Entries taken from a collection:
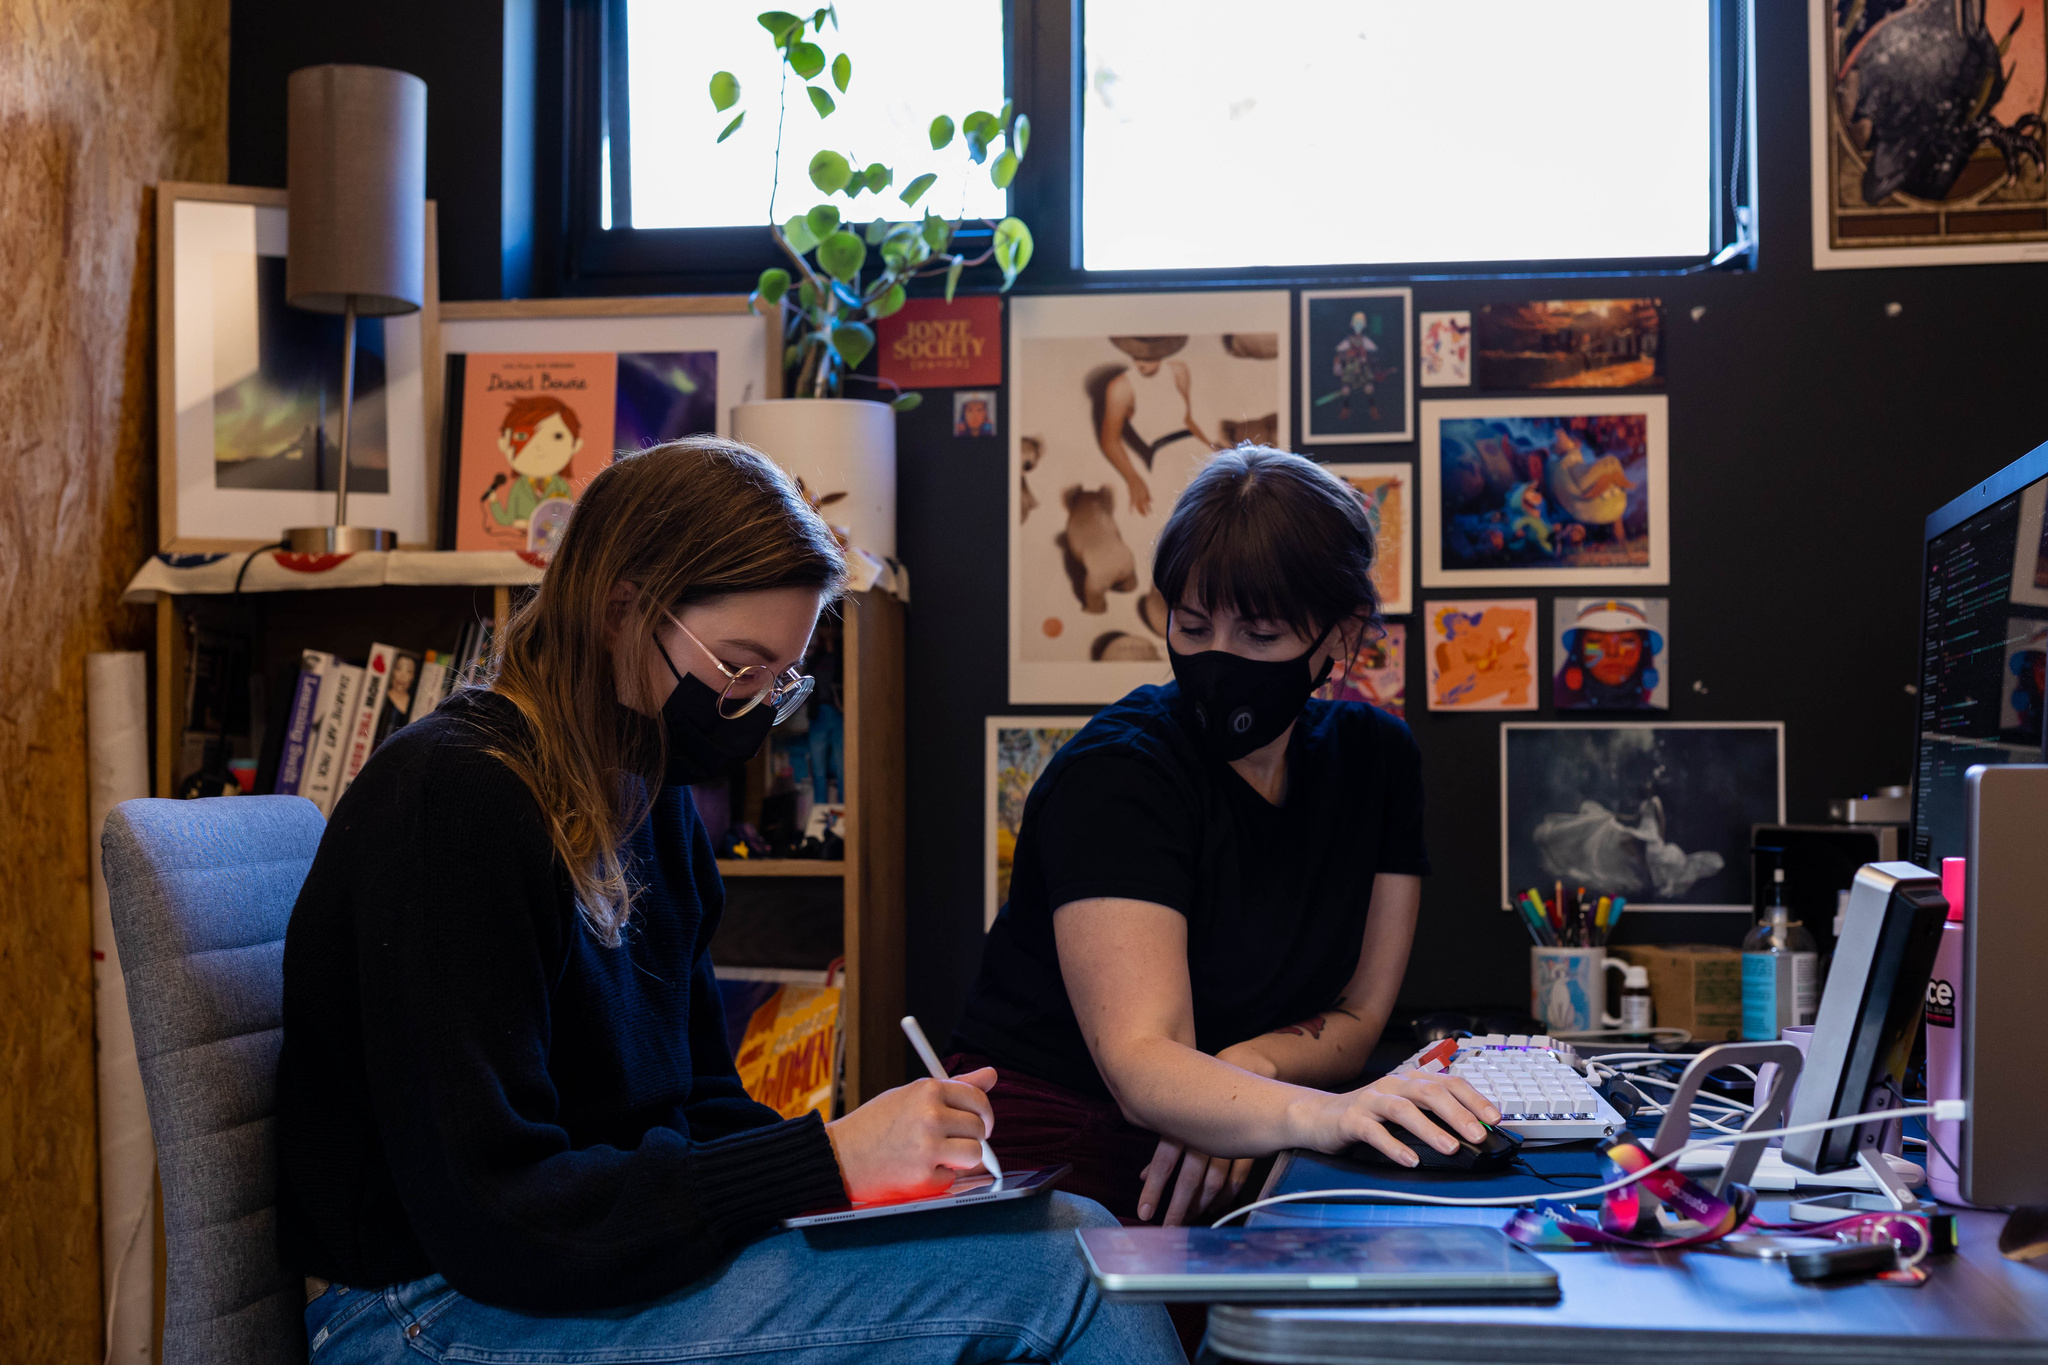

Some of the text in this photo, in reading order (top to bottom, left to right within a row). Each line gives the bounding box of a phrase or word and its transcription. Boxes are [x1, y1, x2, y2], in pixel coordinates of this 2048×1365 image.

[893, 337, 985, 360] SOCIETY
[487, 372, 587, 391] David Bowie
[366, 676, 381, 708] HOW
[282, 676, 318, 785] Learning Swift
[1926, 981, 1953, 1006] ce
[1662, 1178, 1709, 1214] Procreate
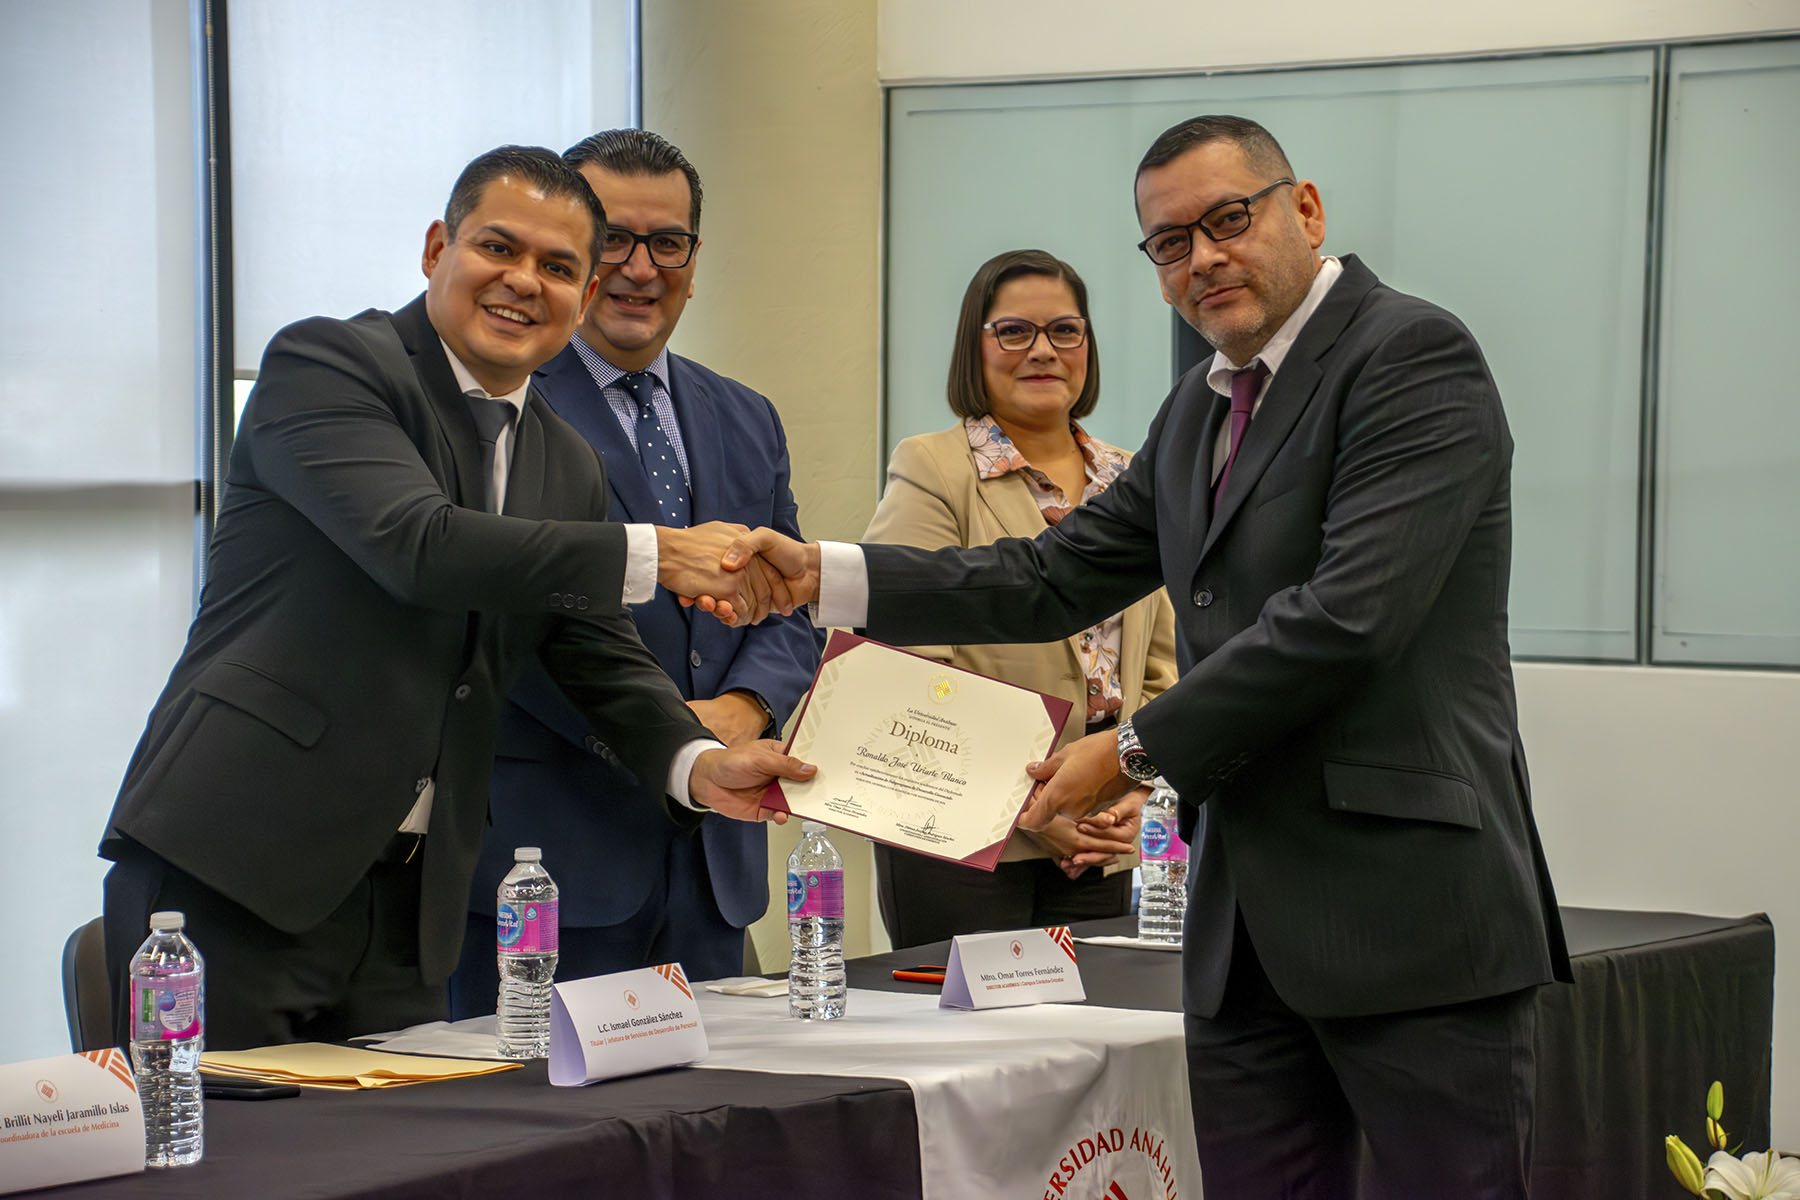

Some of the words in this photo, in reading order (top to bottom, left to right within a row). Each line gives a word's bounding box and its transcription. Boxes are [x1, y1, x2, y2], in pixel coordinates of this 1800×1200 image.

[889, 720, 959, 755] Diploma
[857, 746, 889, 763] Ronaldo
[888, 756, 908, 768] José
[911, 762, 938, 777] Uriarte
[941, 771, 967, 786] Blanco
[997, 970, 1014, 980] Omar
[1015, 969, 1034, 978] Torres
[1034, 965, 1064, 976] Fernández
[597, 1023, 610, 1033] L.C.
[610, 1020, 631, 1031] Ismael
[631, 1014, 658, 1027] González
[658, 1010, 683, 1022] Sánchez
[4, 1115, 31, 1128] Brillit
[33, 1110, 64, 1125] Nayeli
[66, 1104, 107, 1121] Jaramillo
[109, 1101, 130, 1114] Islas
[41, 1129, 49, 1137] de
[50, 1127, 57, 1136] la
[58, 1125, 80, 1136] escuela
[82, 1123, 90, 1133] de
[91, 1120, 120, 1131] Medicina
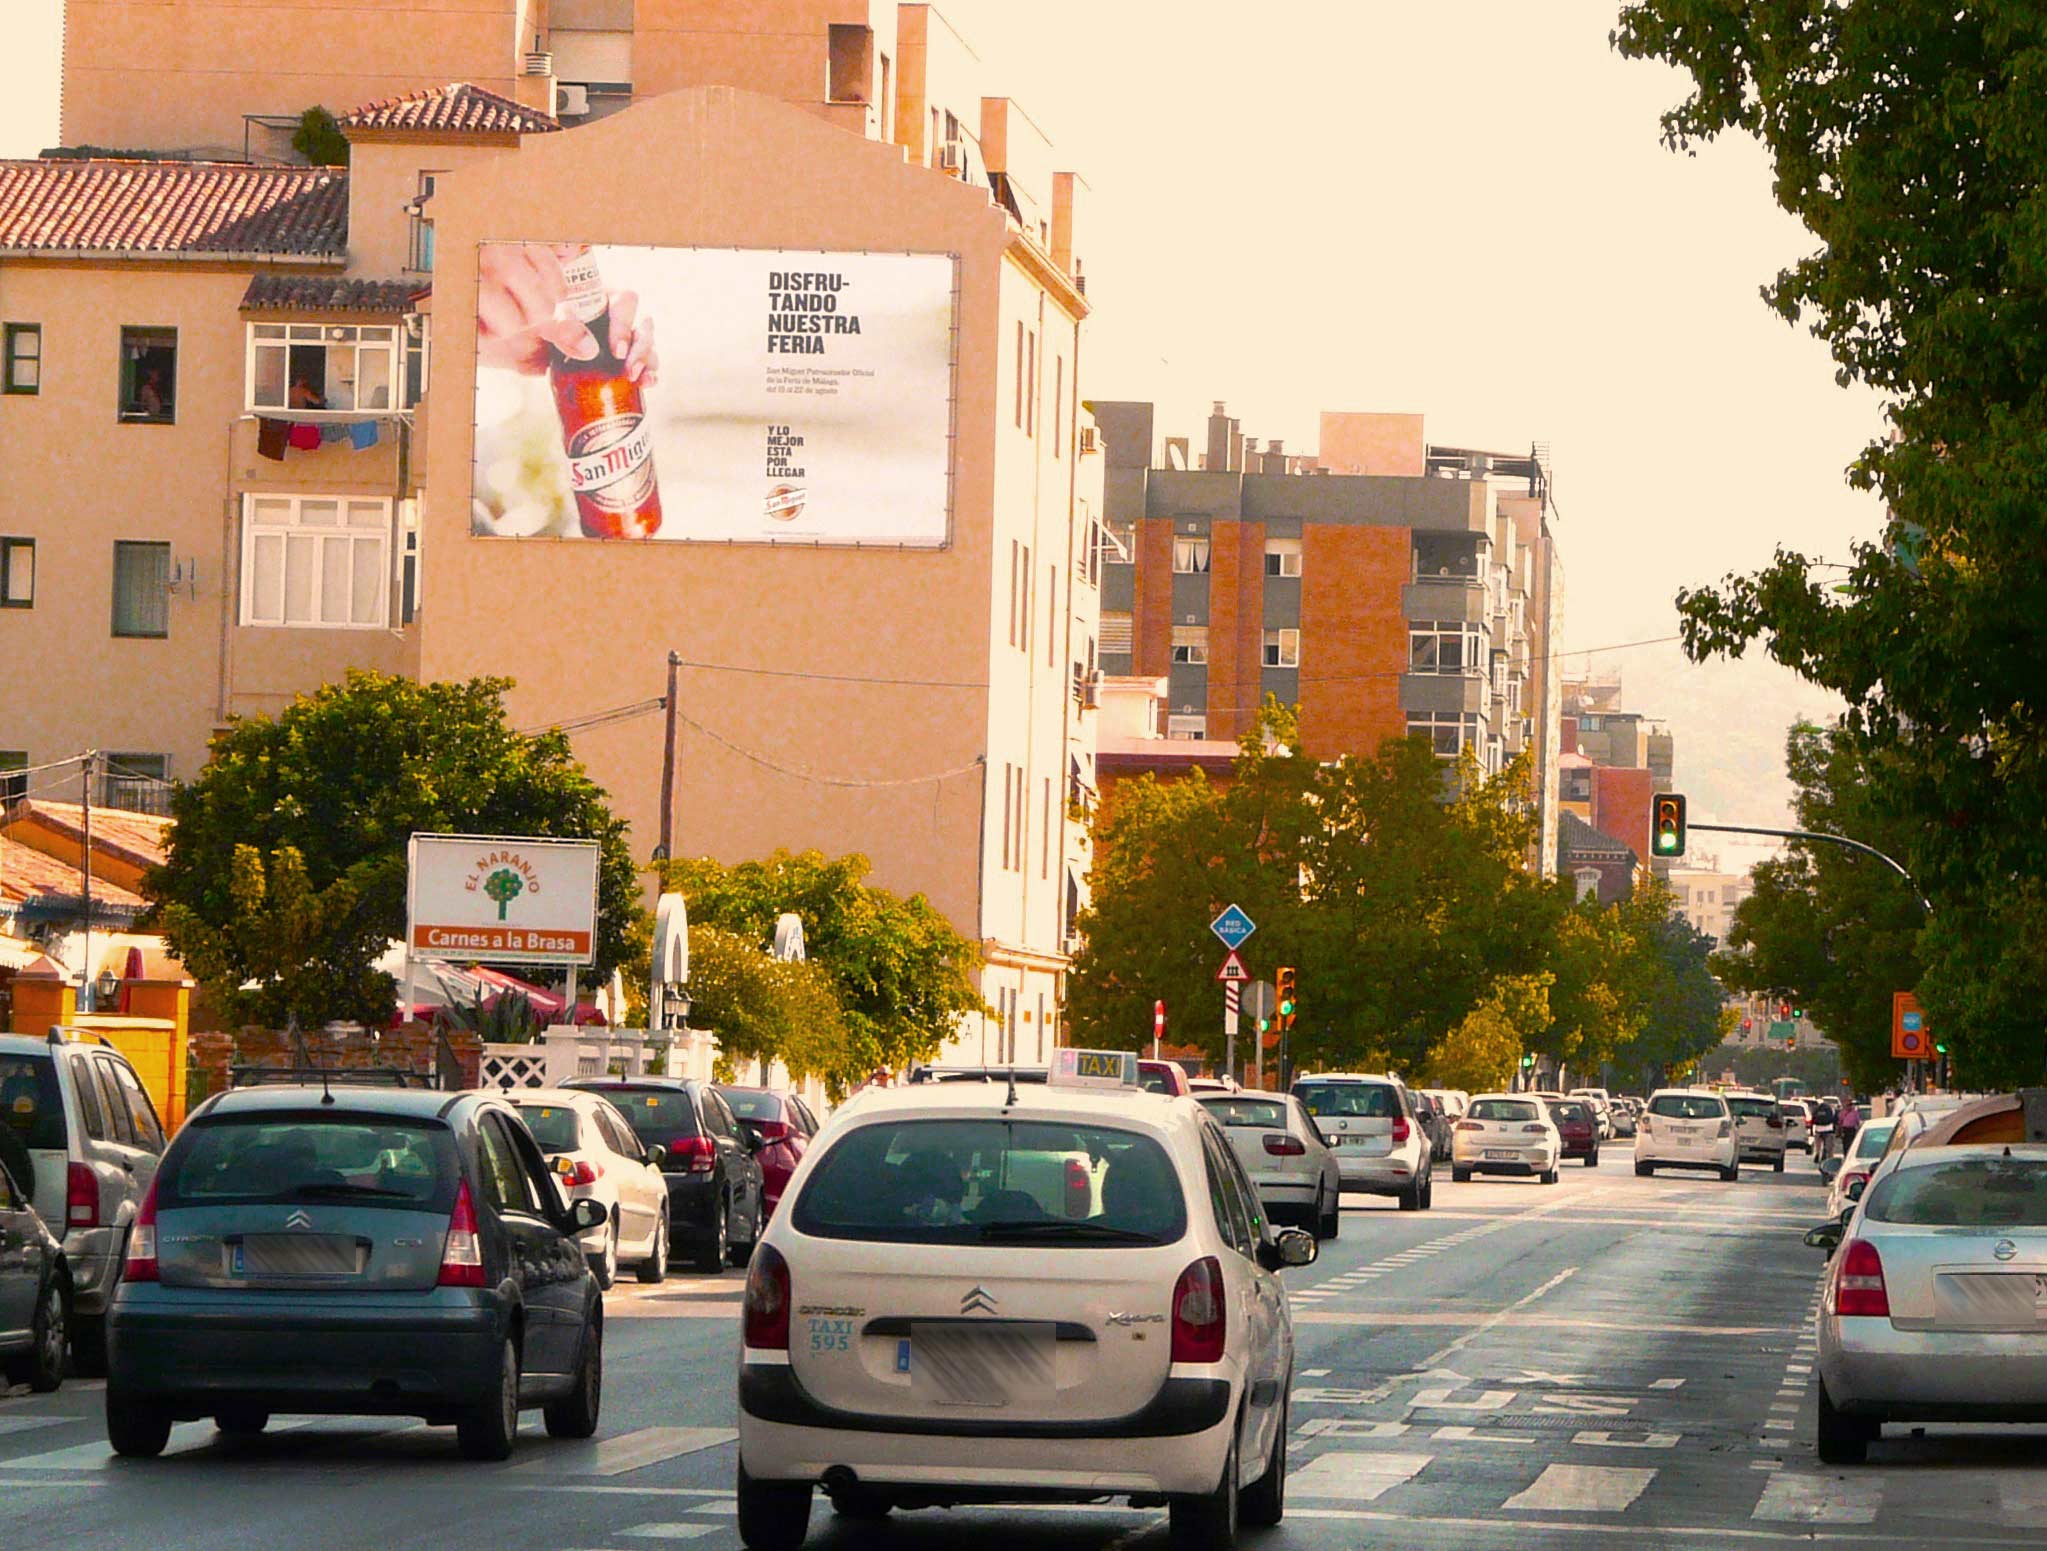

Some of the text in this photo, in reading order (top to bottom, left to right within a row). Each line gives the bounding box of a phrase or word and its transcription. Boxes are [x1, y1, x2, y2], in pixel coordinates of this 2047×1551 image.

[769, 272, 850, 292] DISFRU-
[768, 293, 837, 313] TANDO
[768, 314, 861, 334] NUESTRA
[767, 335, 825, 354] FERIA
[768, 426, 790, 436] Y LO
[767, 436, 804, 447] MEJOR
[767, 447, 793, 457] ESTA
[767, 457, 788, 467] POR
[571, 462, 606, 487] San
[766, 468, 805, 477] LLEGAR
[465, 851, 540, 894] EL NARANJO
[427, 928, 576, 951] Carnes a la Brasa
[1079, 1054, 1121, 1077] TAXI
[807, 1317, 854, 1335] TAXI
[809, 1334, 849, 1352] 595

_YOUR ASSIGNMENT_: Print, exactly and only, the lines running from the one with "this 2047×1551 image." to the end of the data above.

_TASK ANSWER_:
Some of the text in this photo, in reading order (top to bottom, left to right within a row). Each line gives the bounding box of a phrase or word and its transcription. Boxes are [x1, y1, x2, y2], in pixel coordinates of this 2047×1551 image.

[769, 272, 850, 292] DISFRU-
[768, 293, 837, 313] TANDO
[768, 314, 861, 334] NUESTRA
[767, 335, 825, 354] FERIA
[768, 426, 790, 436] Y LO
[767, 436, 804, 447] MEJOR
[767, 447, 793, 457] ESTA
[767, 457, 788, 467] POR
[571, 462, 606, 487] San
[766, 468, 805, 477] LLEGAR
[465, 851, 540, 894] EL NARANJO
[427, 928, 576, 951] Carnes a la Brasa
[1079, 1054, 1121, 1077] TAXI
[807, 1317, 854, 1335] TAXI
[809, 1334, 849, 1352] 595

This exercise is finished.